**WHAT IS REQUIRED**
A picture-free, exact copy of all the records below is the goal.
─── EXTRACTED DATA
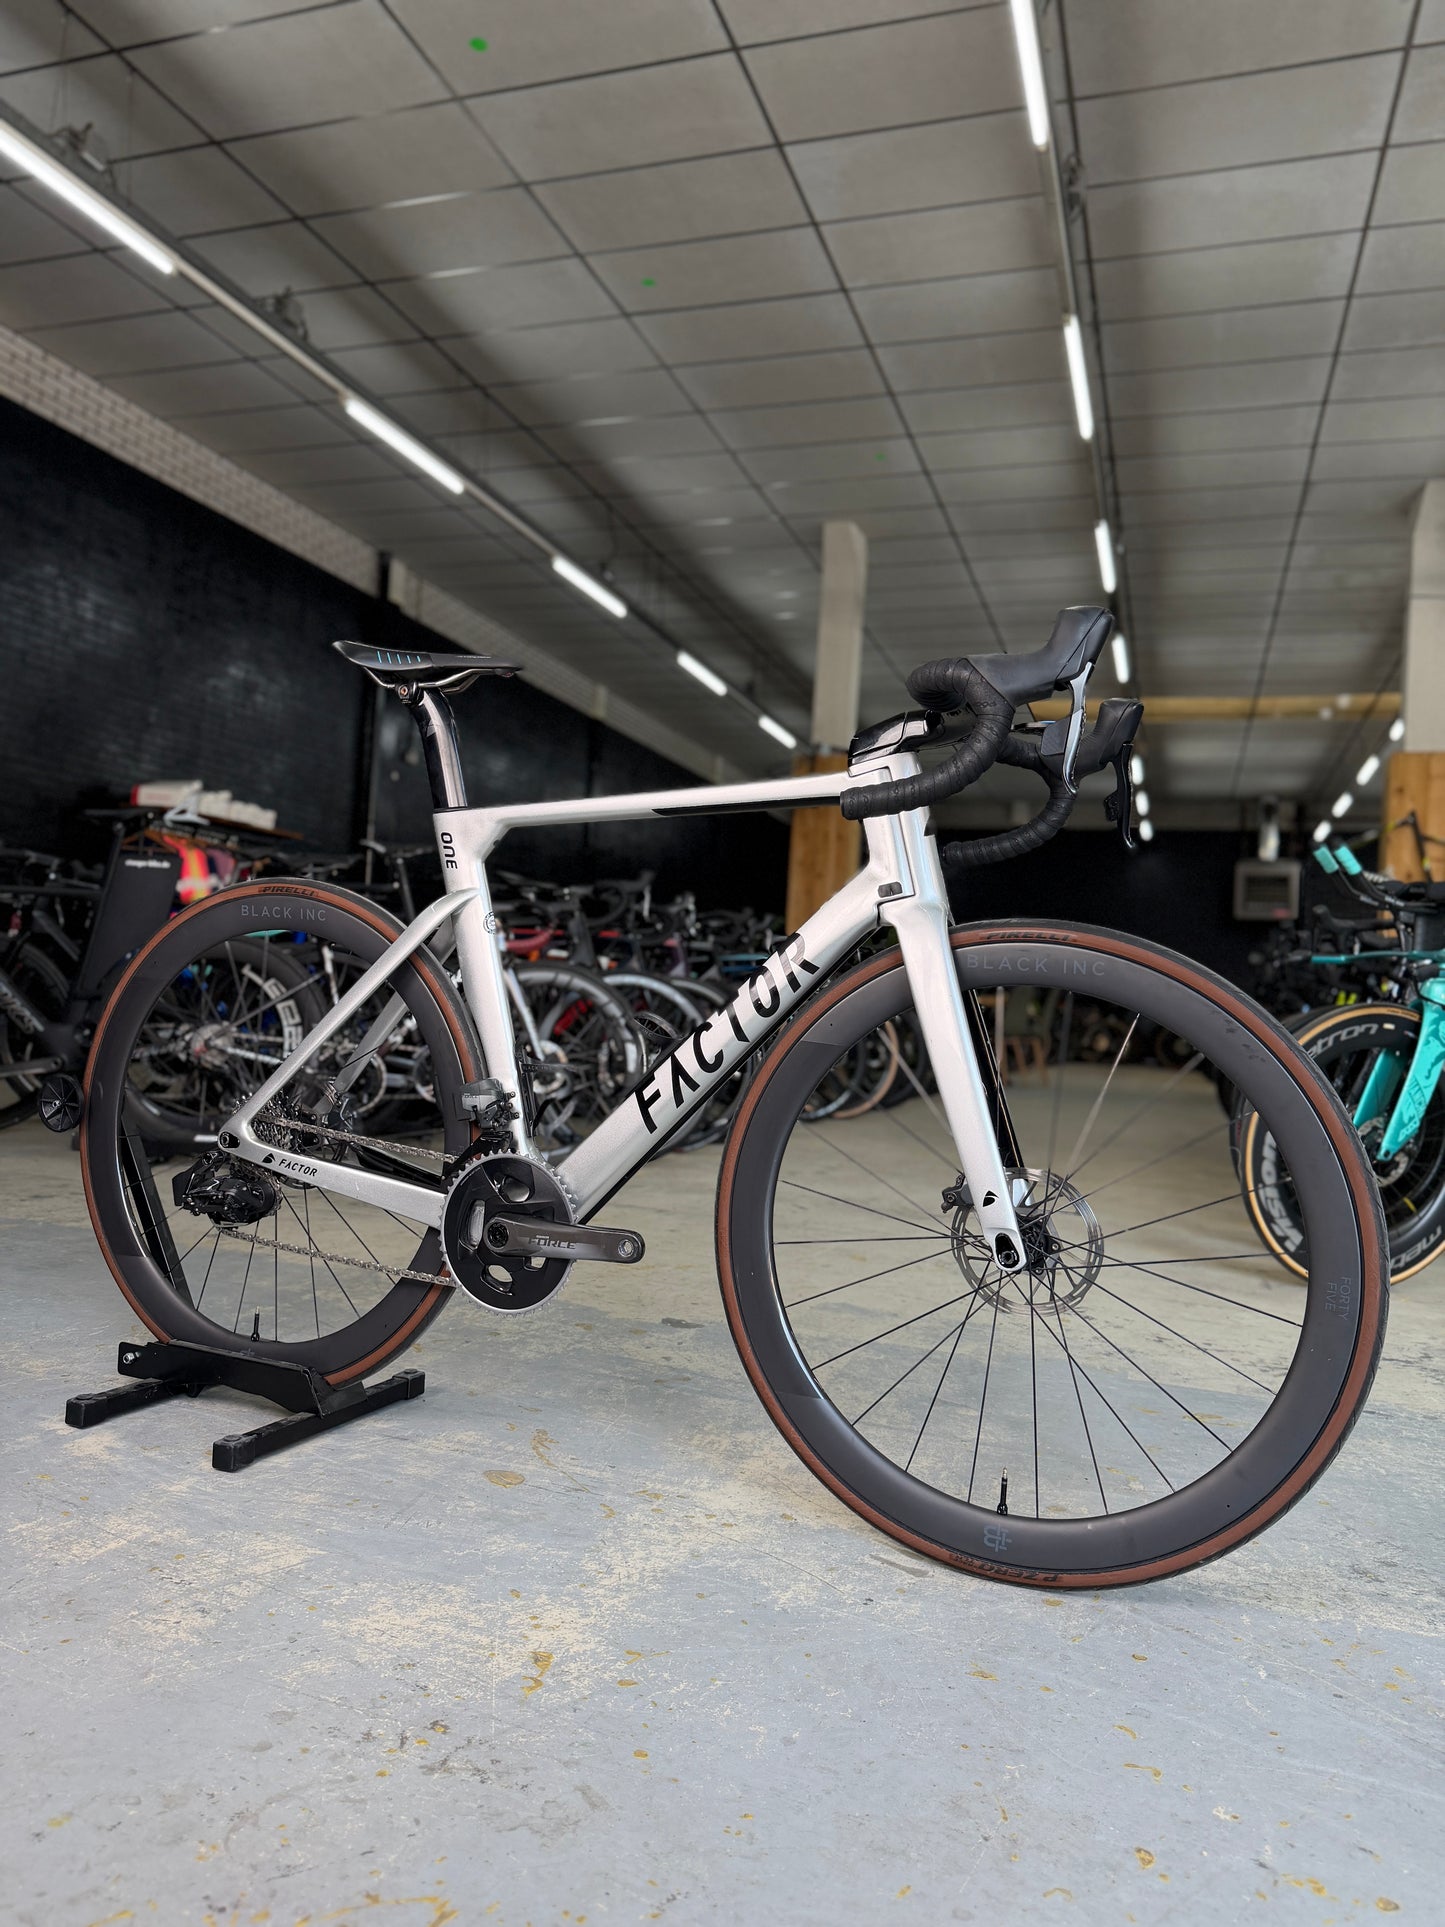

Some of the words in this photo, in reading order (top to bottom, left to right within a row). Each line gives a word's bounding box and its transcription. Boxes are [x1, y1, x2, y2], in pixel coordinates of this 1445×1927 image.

[440, 832, 458, 870] ONE
[261, 885, 315, 897] PIRELLI
[241, 904, 292, 919] BLACK
[300, 907, 327, 921] INC
[985, 931, 1072, 942] PIRELLI
[967, 954, 1049, 973] BLACK
[1063, 959, 1106, 976] INC
[631, 932, 820, 1135] FACTOR
[1306, 1023, 1379, 1060] etron
[278, 1158, 318, 1177] FACTOR
[528, 1237, 577, 1250] FORCE
[1324, 1282, 1338, 1312] FIVE
[1338, 1276, 1352, 1321] FORTY
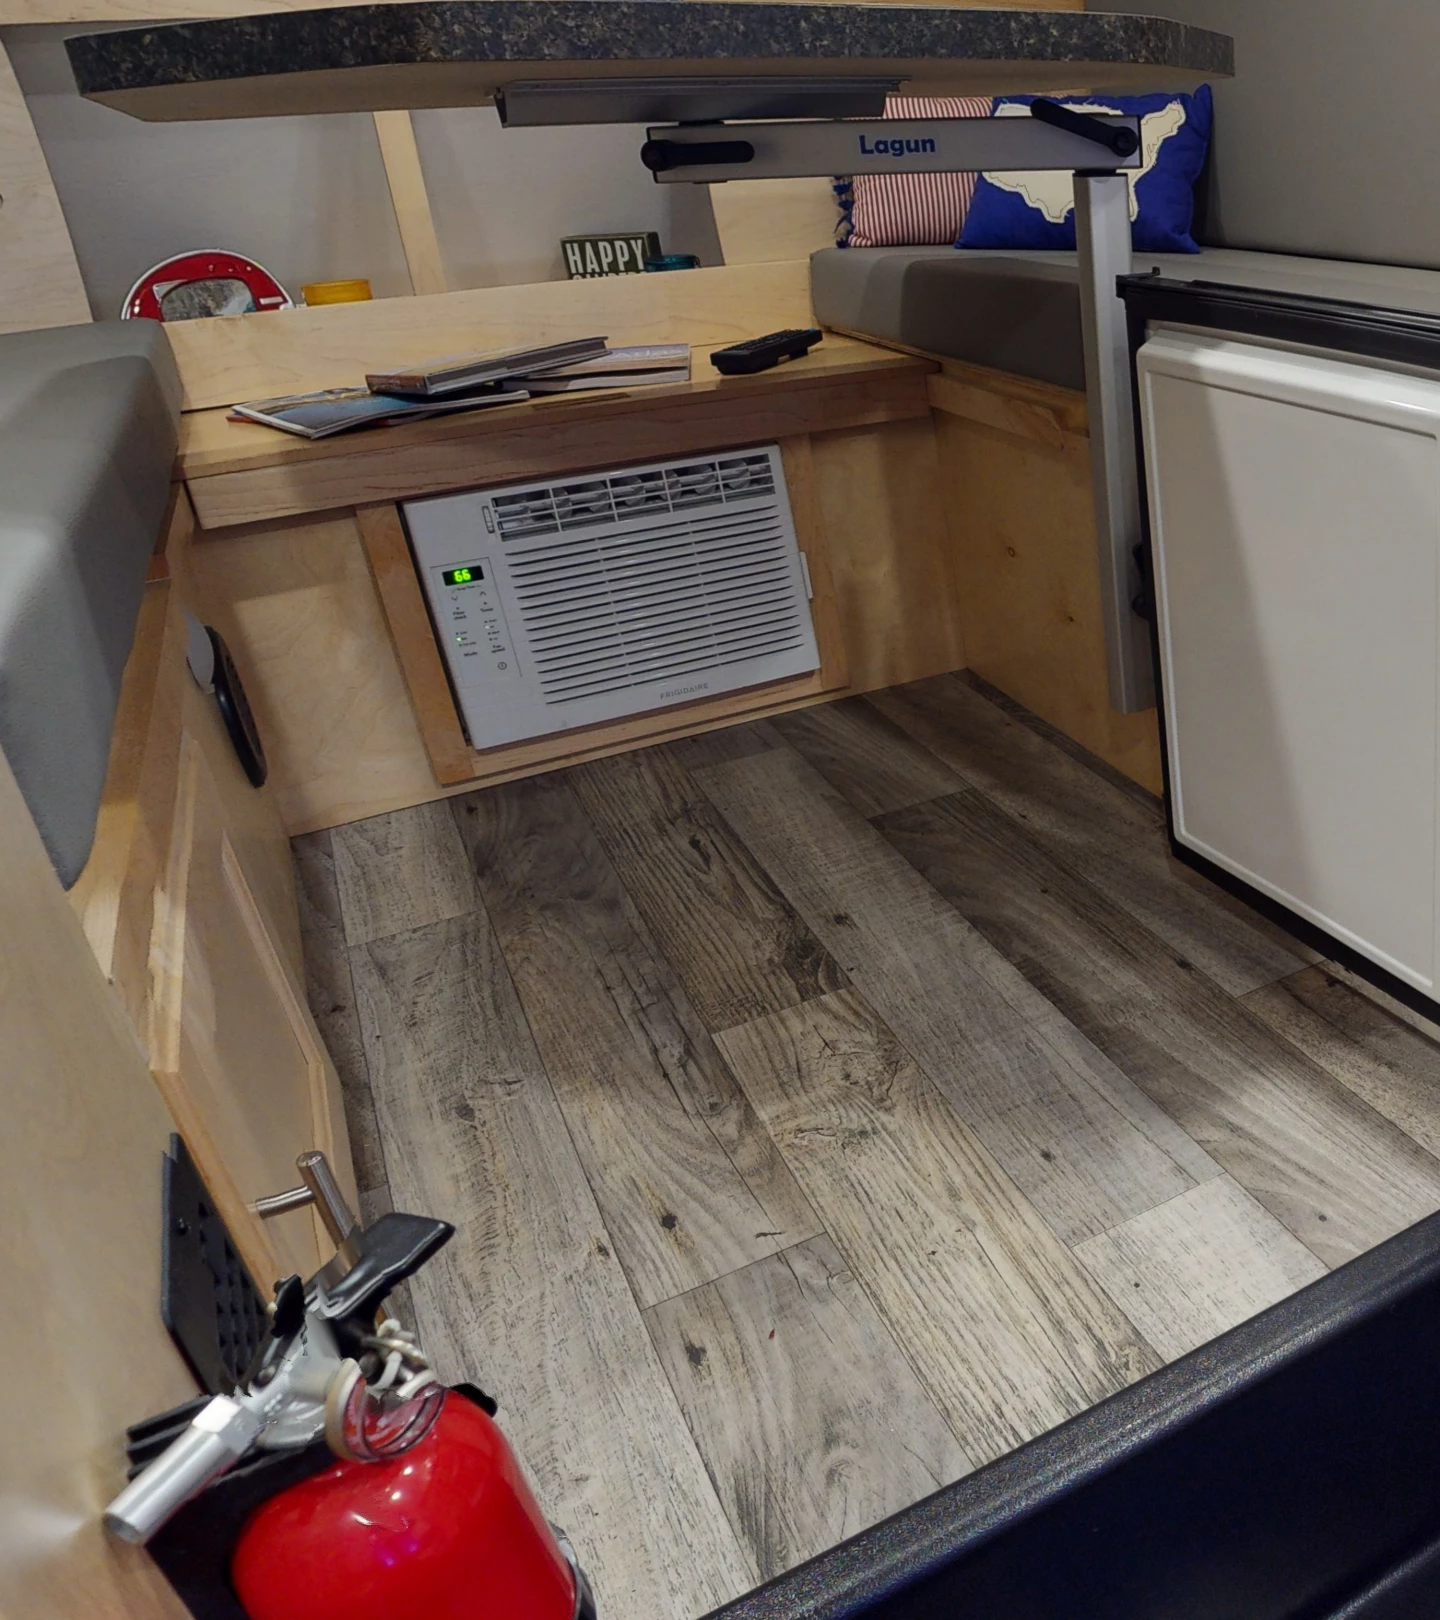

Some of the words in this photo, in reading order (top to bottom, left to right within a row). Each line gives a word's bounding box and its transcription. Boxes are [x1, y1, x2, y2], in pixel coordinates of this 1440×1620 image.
──────
**WRITTEN SOLUTION**
Some of the words in this photo, in reading order (top to bottom, left to right within a row). Each line gives a word's bounding box and its transcription. Boxes are [x1, y1, x2, y2], in pixel coordinates of this 1445×1927 image.

[440, 832, 458, 870] ONE
[261, 885, 315, 897] PIRELLI
[241, 904, 292, 919] BLACK
[300, 907, 327, 921] INC
[985, 931, 1072, 942] PIRELLI
[967, 954, 1049, 973] BLACK
[1063, 959, 1106, 976] INC
[631, 932, 820, 1135] FACTOR
[1306, 1023, 1379, 1060] etron
[278, 1158, 318, 1177] FACTOR
[528, 1237, 577, 1250] FORCE
[1324, 1282, 1338, 1312] FIVE
[1338, 1276, 1352, 1321] FORTY

Some of the words in this photo, in reading order (top to bottom, left to right within a row). Each line gives a word's bounding box and its transcription. Boxes are [x1, y1, x2, y2], in pixel coordinates of this 1440×1620 image.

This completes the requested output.